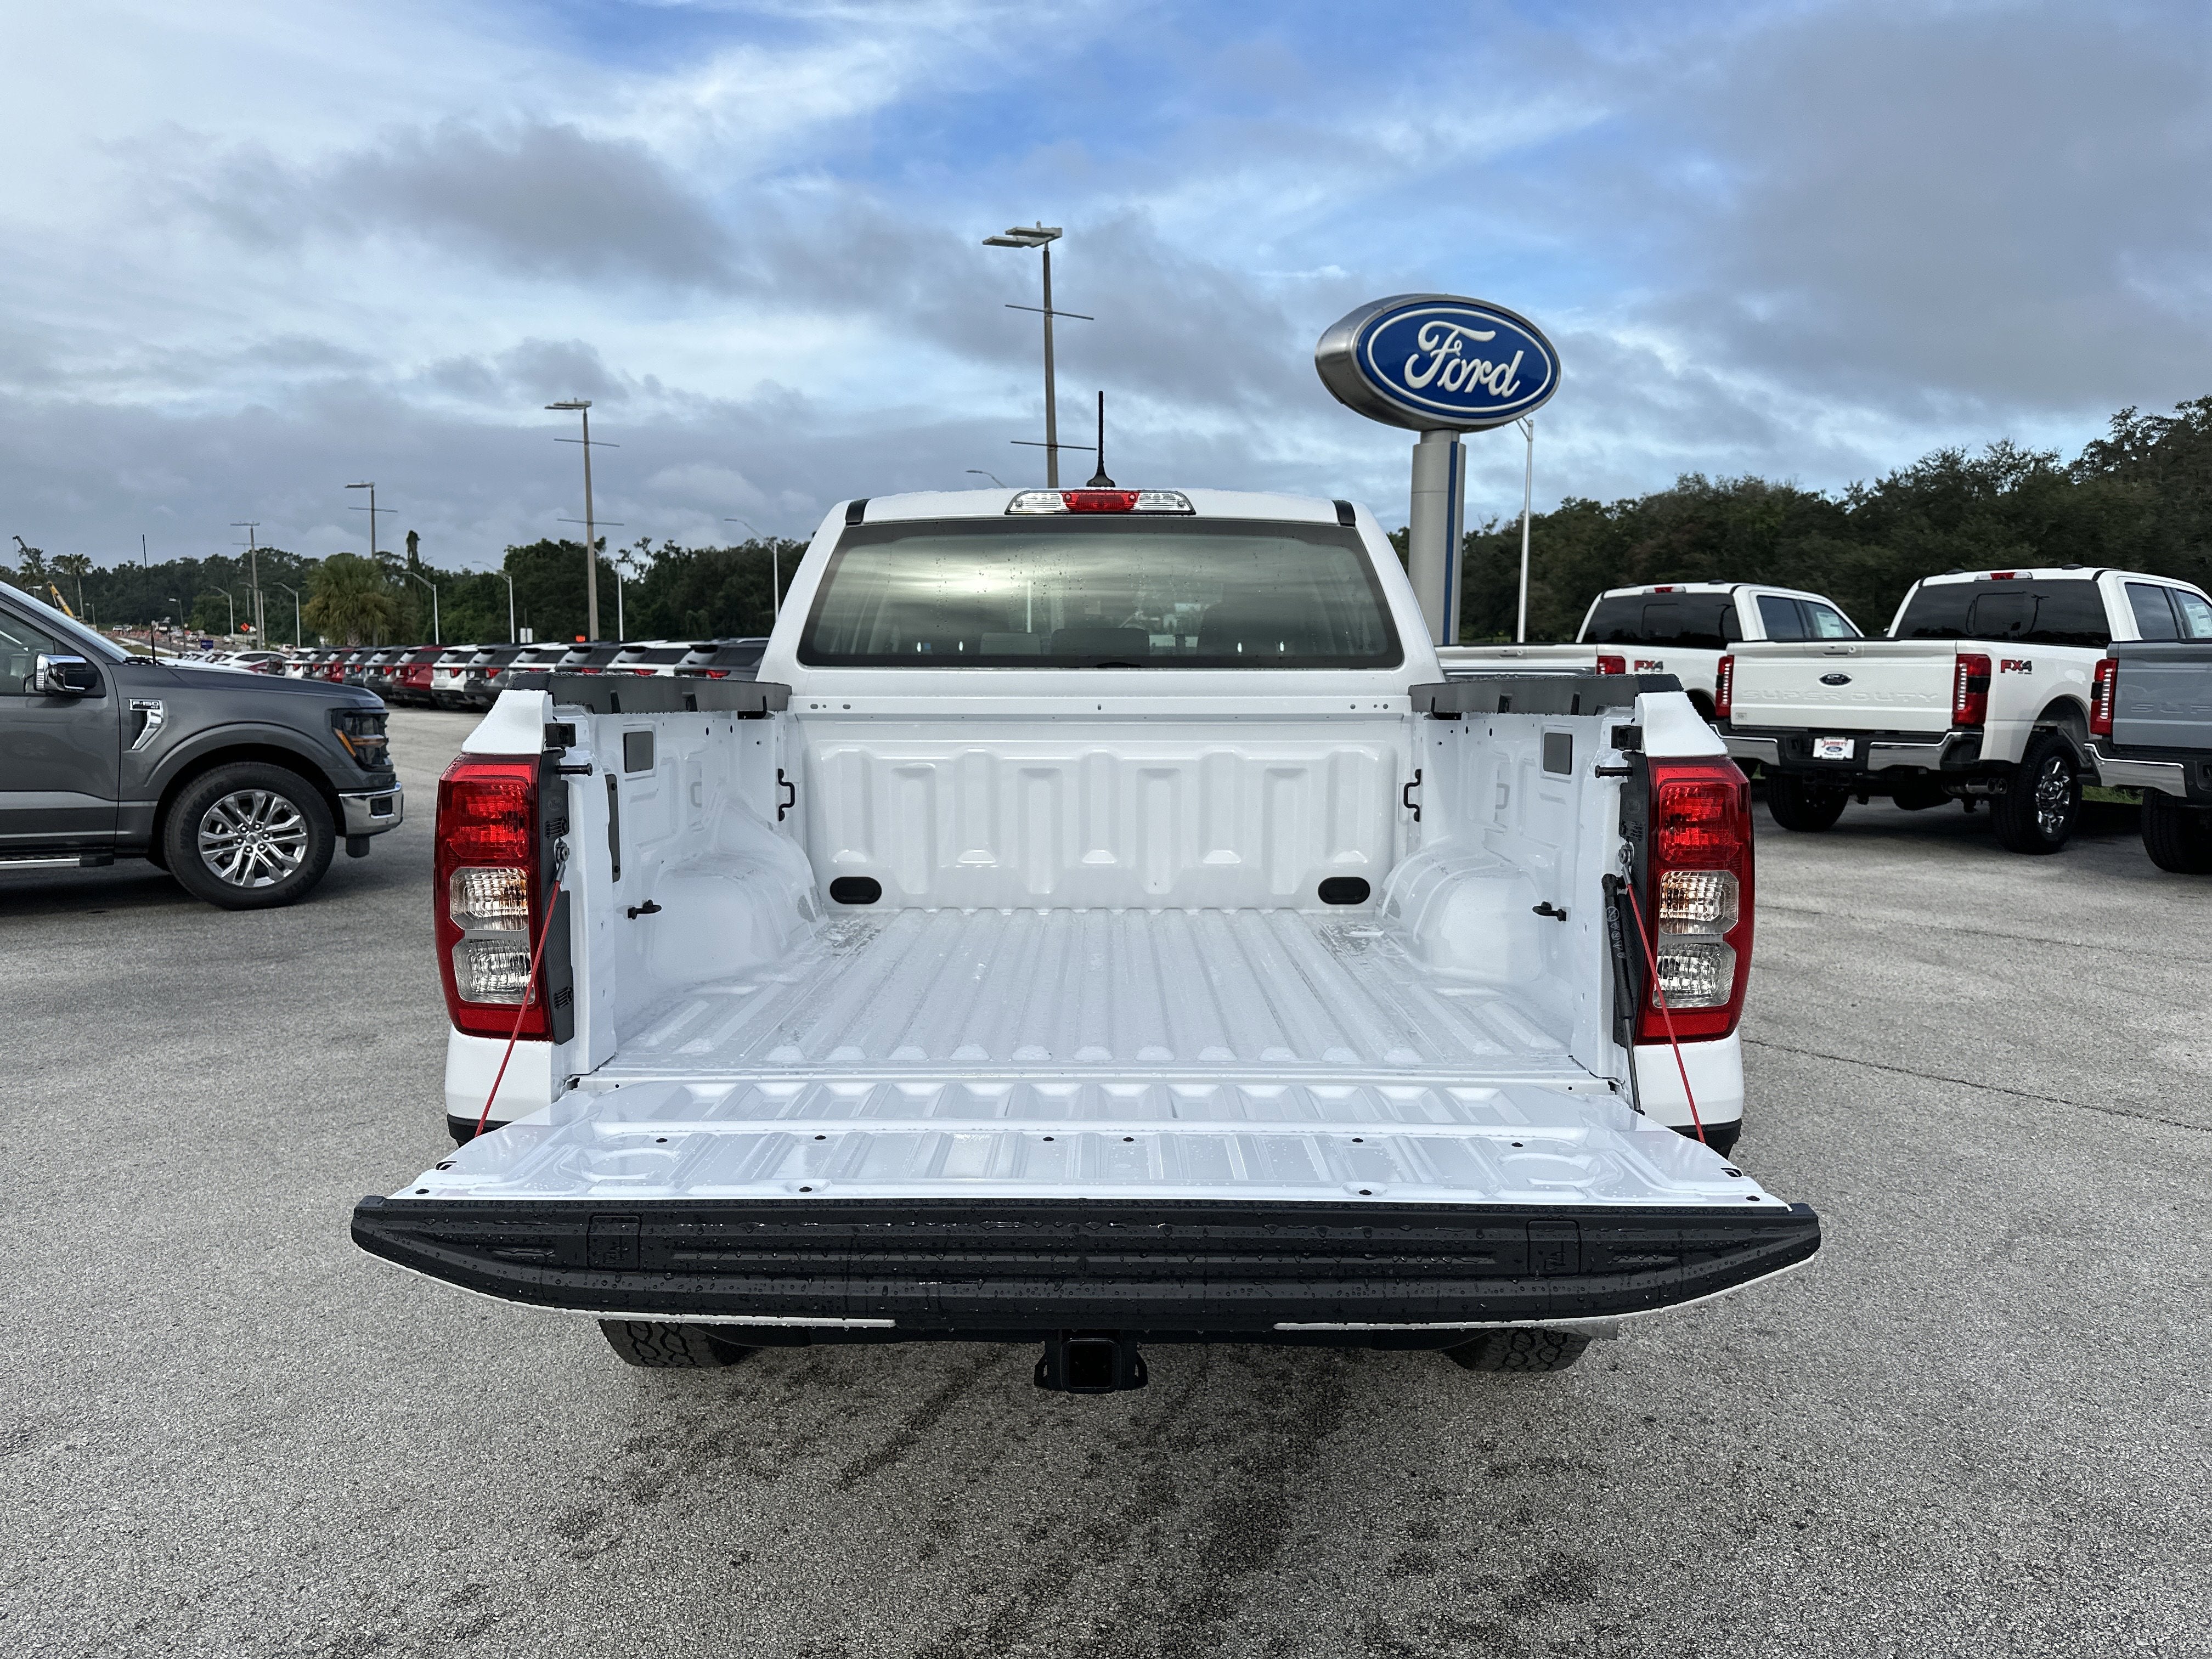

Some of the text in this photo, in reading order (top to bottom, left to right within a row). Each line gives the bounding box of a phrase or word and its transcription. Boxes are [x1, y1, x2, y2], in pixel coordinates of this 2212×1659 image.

[1404, 320, 1524, 398] Ford
[1634, 660, 1663, 672] FX4
[2001, 659, 2032, 673] FX4
[1742, 690, 1938, 703] SUPER DUTY
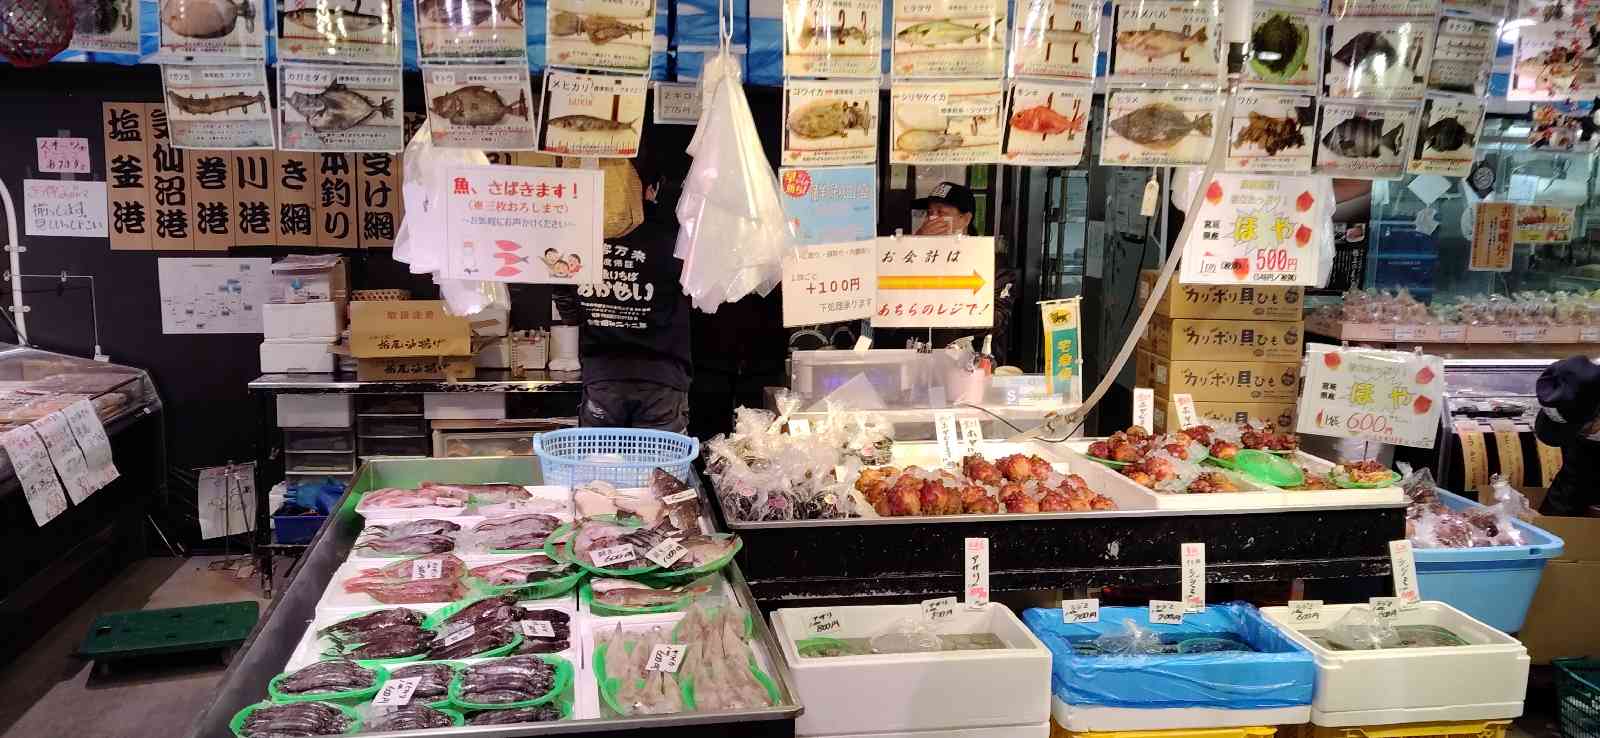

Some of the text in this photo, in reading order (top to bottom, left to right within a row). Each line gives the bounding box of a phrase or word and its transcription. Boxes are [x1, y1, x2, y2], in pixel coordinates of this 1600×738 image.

[109, 108, 146, 234] 塩釜港
[881, 249, 961, 264] お会計は
[1183, 286, 1279, 306] カリポリ貝ひも
[1185, 328, 1279, 347] カリポリ貝ひも
[1182, 369, 1276, 388] カリポリ貝ひも

### Your goal
Repeat exactly, and only, the lines of the records above, starting with the line that contains "this 1600×738 image." and ending with the final line, both included.

### Output
Some of the text in this photo, in reading order (top to bottom, left to right within a row). Each line gives the bounding box of a phrase or word and its transcription. Boxes are [x1, y1, x2, y2], in pixel coordinates of this 1600×738 image.

[109, 108, 146, 234] 塩釜港
[881, 249, 961, 264] お会計は
[1183, 286, 1279, 306] カリポリ貝ひも
[1185, 328, 1279, 347] カリポリ貝ひも
[1182, 369, 1276, 388] カリポリ貝ひも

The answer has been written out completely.